Pop art rarely expresses common spiritual and psychological needs so much as it repeatedly connects consumers to the process of cultural indoctrination ensuring their safe place in the group-think society. It’s the Pixar, Apple condition: Conforming becomes its own reward. Even if it’s called “rebellion,” it means you belong.

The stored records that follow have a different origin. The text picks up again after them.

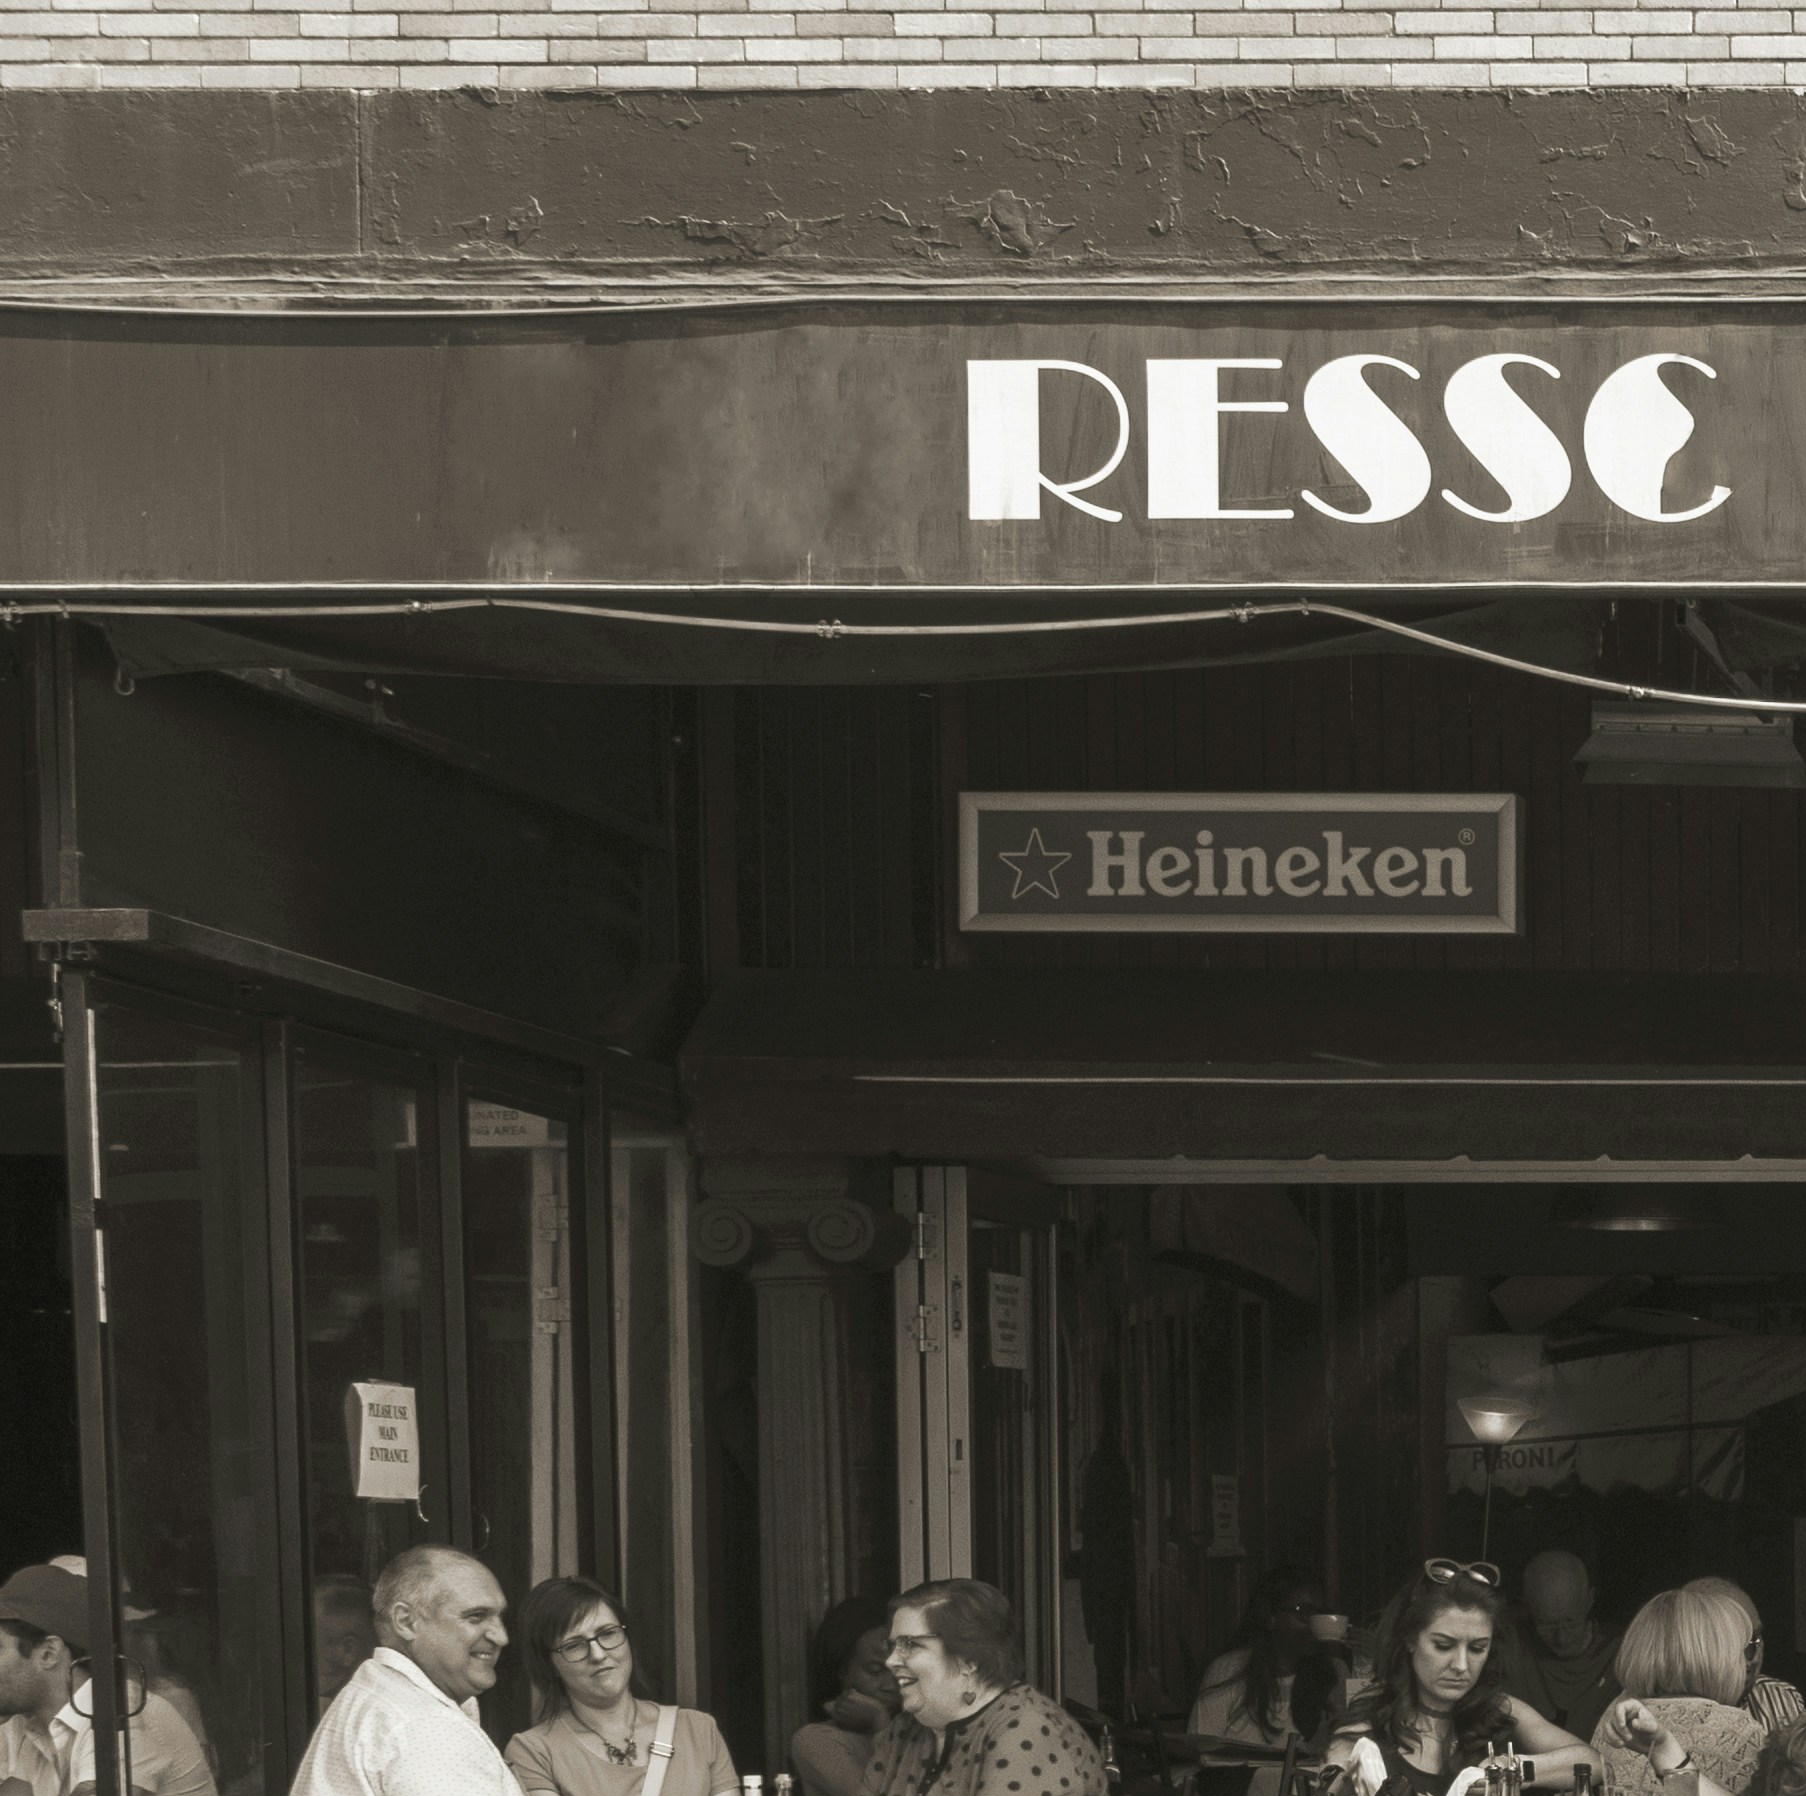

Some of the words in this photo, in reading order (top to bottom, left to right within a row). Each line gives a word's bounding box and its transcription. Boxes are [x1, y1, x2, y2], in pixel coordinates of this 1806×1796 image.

[368, 1402, 393, 1418] PLEASE
[393, 1405, 409, 1420] USE
[378, 1425, 399, 1440] MAIN
[369, 1446, 409, 1463] ENTRANCE
[1472, 1446, 1555, 1472] PRONI

So, while Jyn Erso fulfills the new feminist mandate, Jones’s bucktooth charm is juvenile without quite fitting the gung-ho manner required. Luna’s Cassian Endor suffers the fate of Hollywood’s usual multicultural gestures; he stands in for diversity yet hasn’t been given a personality beyond representing the now-diminished masculine principle. (As for the new robot sidekick K-2SO, I can’t believe we’re watching mechanical comic relief.) If Luke, Leia, and Han Solo were already tired pop archetypes, these types feel degraded. They are, to quote a prominent pop propagandist, the JV team.Rogue One works on this basic, familiar level by distracting from it. Like Star Wars back in 1977 (when it offered a childish diversion from the social and personal inquiries that distinguish the ’70s films of the American Renaissance), Rogue One flatters the moral and political distance felt by today’s audiences. But this form of escapism is tricky. It depends on the reassuring recognition of well-known characters (the intergalactic menagerie of alien creatures, stormtroopers, and robots) and customary details (sci-fi surplus space ships) with slight variations (machinery painted in worn khaki colors, and iterations of that good old lightsaber).

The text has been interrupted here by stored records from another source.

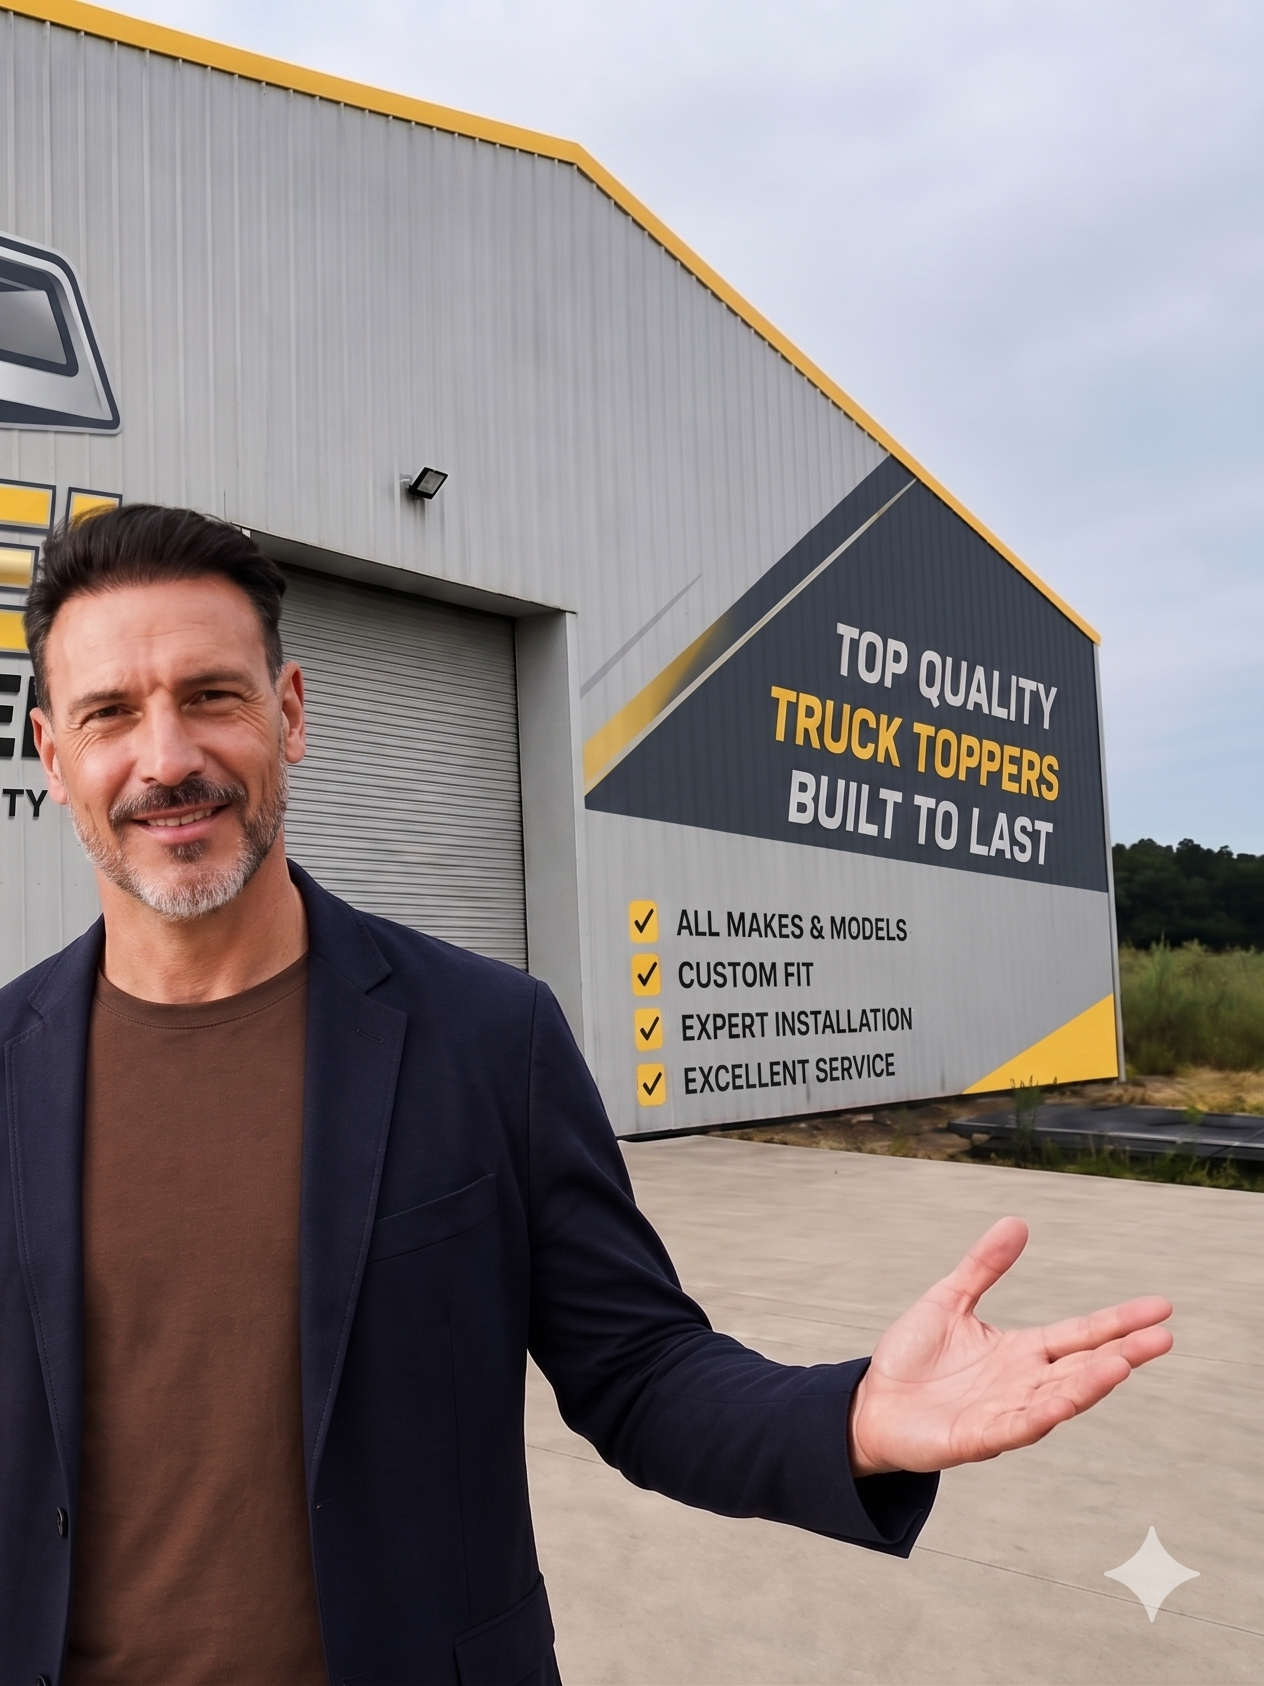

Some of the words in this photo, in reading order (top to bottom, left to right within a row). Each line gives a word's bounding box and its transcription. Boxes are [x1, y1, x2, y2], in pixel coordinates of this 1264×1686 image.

[837, 622, 908, 689] TOP
[919, 650, 1057, 730] QUALITY
[770, 685, 903, 768] TRUCK
[913, 722, 1059, 801] TOPPERS
[788, 769, 903, 839] BUILT
[913, 794, 958, 851] TO
[969, 807, 1054, 865] LAST
[676, 909, 720, 937] ALL
[726, 911, 804, 940] MAKES
[809, 915, 825, 940] &
[830, 916, 908, 941] MODELS
[678, 961, 778, 989] CUSTOM
[784, 961, 814, 987] FIT
[681, 1011, 769, 1042] EXPERT
[775, 1007, 913, 1037] INSTALLATION
[684, 1058, 810, 1095] EXCELLENT
[815, 1052, 896, 1084] SERVICE

The JV aspect of Rogue One reflects Gareth Edwards’s uninspired direction. The first 90 minutes of Jyn and Cassian and the ragtag Rebellion traversing distant planets occurs in drab, shadowy places with monotonous dialogue repeating Star Wars cant. When the Rebellion finally arrives at Scarif, a tropical planet housing the Death Star, the bright sky, blue atmosphere, and unexpected palm trees are a real relief from aesthetic tedium. Suddenly, the toys appear: from the walking dinosaur tanks to space crafts in origami shapes. It’s like the March of Wooden Soldiers from Babes in Toyland, set at cliché warp speed.

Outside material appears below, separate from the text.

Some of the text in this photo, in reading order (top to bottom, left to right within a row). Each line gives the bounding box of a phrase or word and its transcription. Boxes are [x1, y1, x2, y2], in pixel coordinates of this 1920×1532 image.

#related#In a tired attempt at making this Death Star battle a quasi-political allegory, Disney’s screenplay hacks (including Chris Weitz and Tony Gilroy) cajole the Occupy generation with the phrase “Rebellion is built on hope” — uttered twice, as if Star Wars had not been appropriated by Reagan’s defense department but was now in sync with contemporary student protest. But it’s a deceptive, Machiavellian mantra. Rogue One isn’t sophisticated enough to see past the phrase’s falsehood or adult enough to dramatize the current administration’s betrayal of “hope and change” and how its media sycophants eventually lost public trust in hope or change. Rogue One’s juvenile politics recall how, in Revenge of the Sith (2005), Princess Amidala (Natalie Portman) whimpered, “So this is how liberty dies . . . with thunderous applause.” Liberal reviewers hailed the line as a rebuke of George W. Bush’s reelection.
But there’s no need to ascribe fake significance to the Star Wars franchise when there are other great space movies, from Altman’s Countdown and Kubrick’s 2001 to Spielberg’s Close Encounters and Walter Hill’s Supernova. These films make Rogue One look like the JV team indeed.